Leaving Aba, we find that a section of the Aba-Ikot Ekpene Road has become impassable. Ahead of us I see mud-filled craters, into which a few daring SUVs and trucks venture. We are advised to make a U-Turn, go back the way we came, take a diversion. It is advice that we heed.
As we reconstruct our route, with a keke driver leading us, I think about the ways that we reshape ourselves to accommodate the intrusions and traumas of our lives.
Nigerians are famous for our happiness. When Nigeria finds new ways to bend and twist us into the most bizarre of shapes, we find even newer ways to laugh. We show off our battle scars. They are a perverse kind of comfort.

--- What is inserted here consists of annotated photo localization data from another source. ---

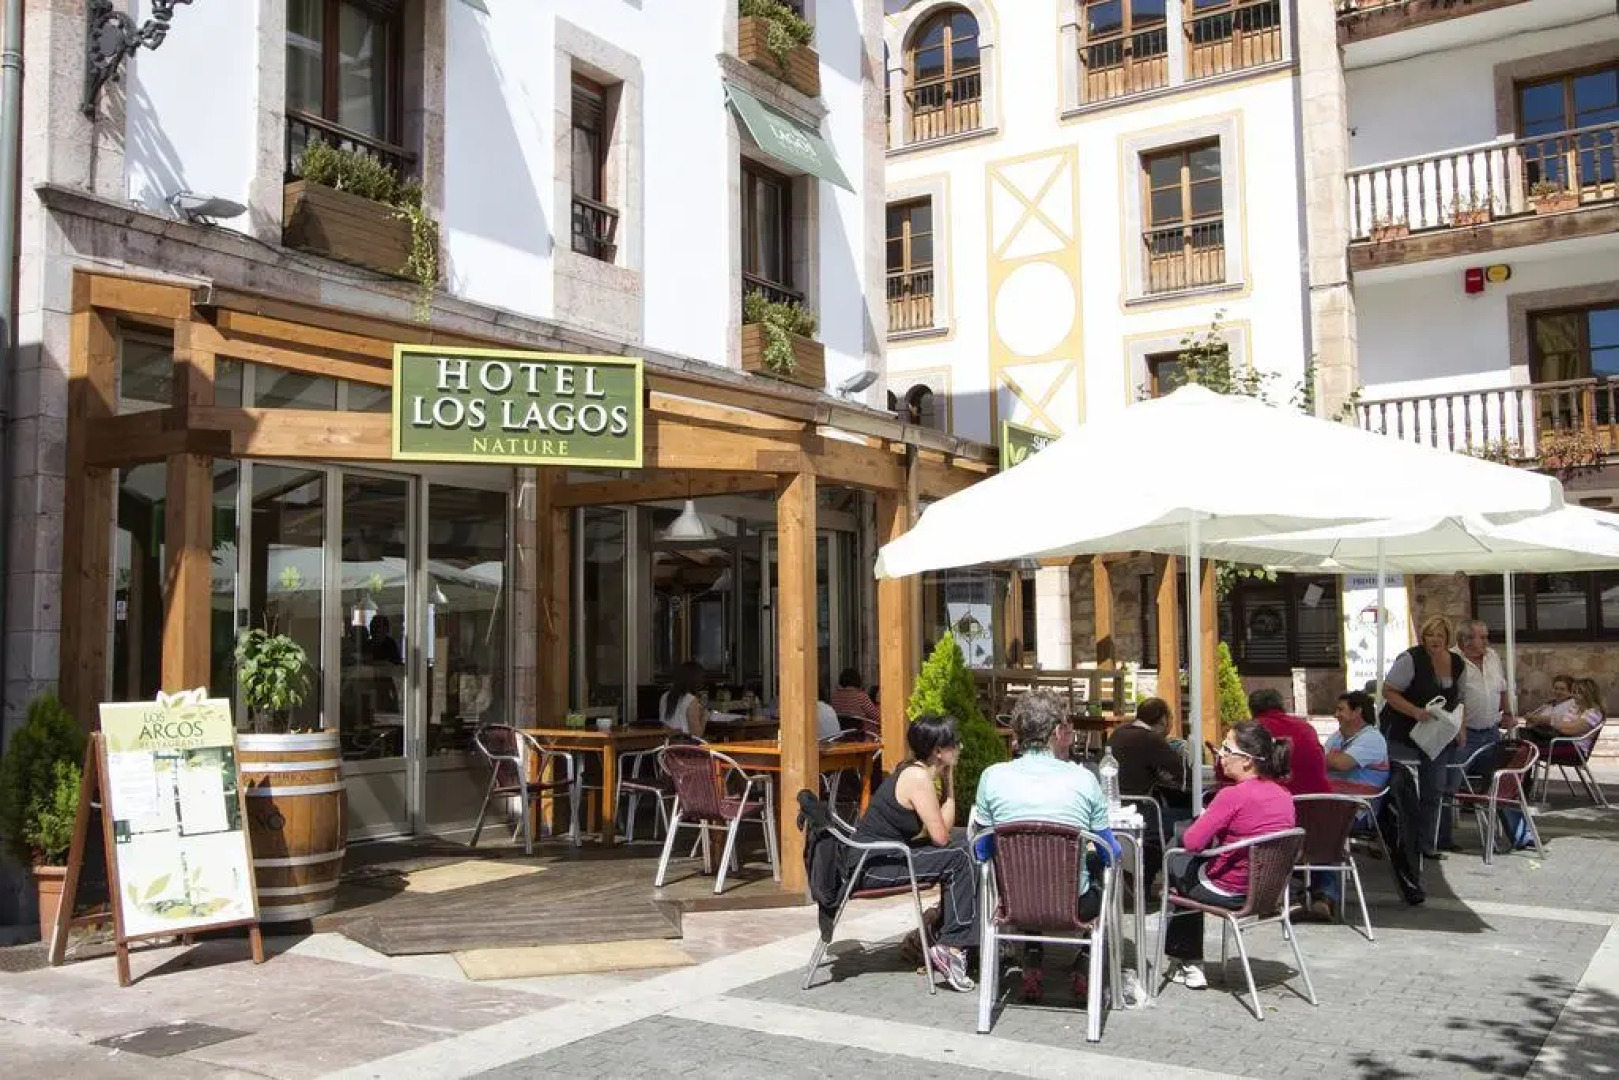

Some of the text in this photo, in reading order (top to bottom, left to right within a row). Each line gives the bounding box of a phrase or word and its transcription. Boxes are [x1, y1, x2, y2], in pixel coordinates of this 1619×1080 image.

[437, 358, 606, 397] HOTEL
[412, 396, 628, 435] LOS LAGOS
[472, 436, 569, 456] NATURE
[143, 711, 165, 723] LOS
[139, 720, 203, 739] ARCOS

We rejoin the Aba-Ikot Ekpene Road, having supposedly avoided the worst of it. Still, our movement is slow and laboured, and I wonder what the portion of road we’d avoided must be like.

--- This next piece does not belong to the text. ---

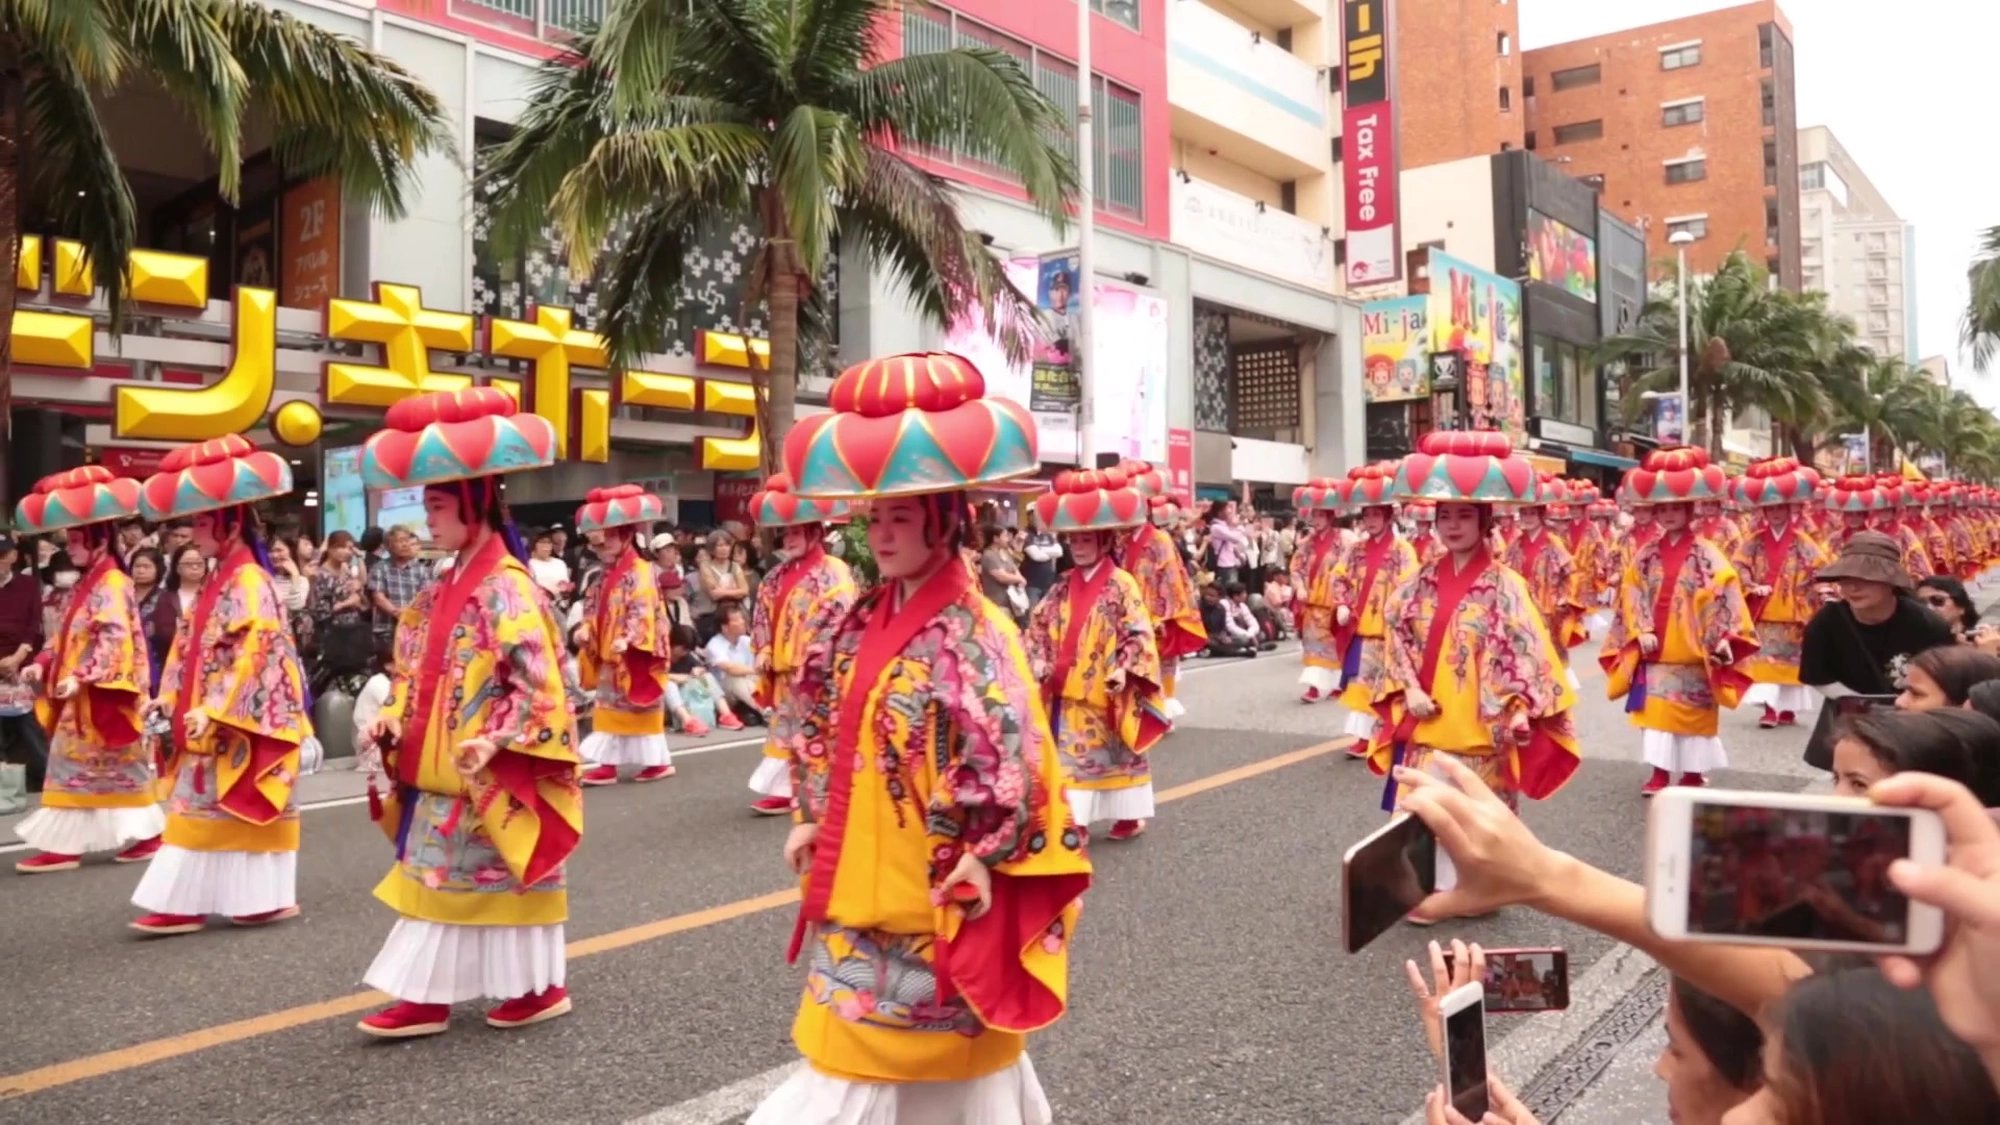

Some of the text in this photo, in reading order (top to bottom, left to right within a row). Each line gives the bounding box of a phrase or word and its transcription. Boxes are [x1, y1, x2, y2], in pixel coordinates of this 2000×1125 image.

We pass abandoned fuel stations, once-hopeful metal signs buried under layers of dust. Weeds grow through cracks in the concrete, their green an obscene aberration. There is a stillness about the stations that draws one’s eye. Built to dispense life, they stand bereft. Empty but defiant. Dead but not silent. As if to say that deadness is itself a way of being.
We stop at Umokpo Village and I listen to a group of men talk. Their voices are unwavering as they say that yes, they believe their community has been forgotten.
‘Nothing like government here,’ one of them says. It sounds to me like a requiem for dead dreams.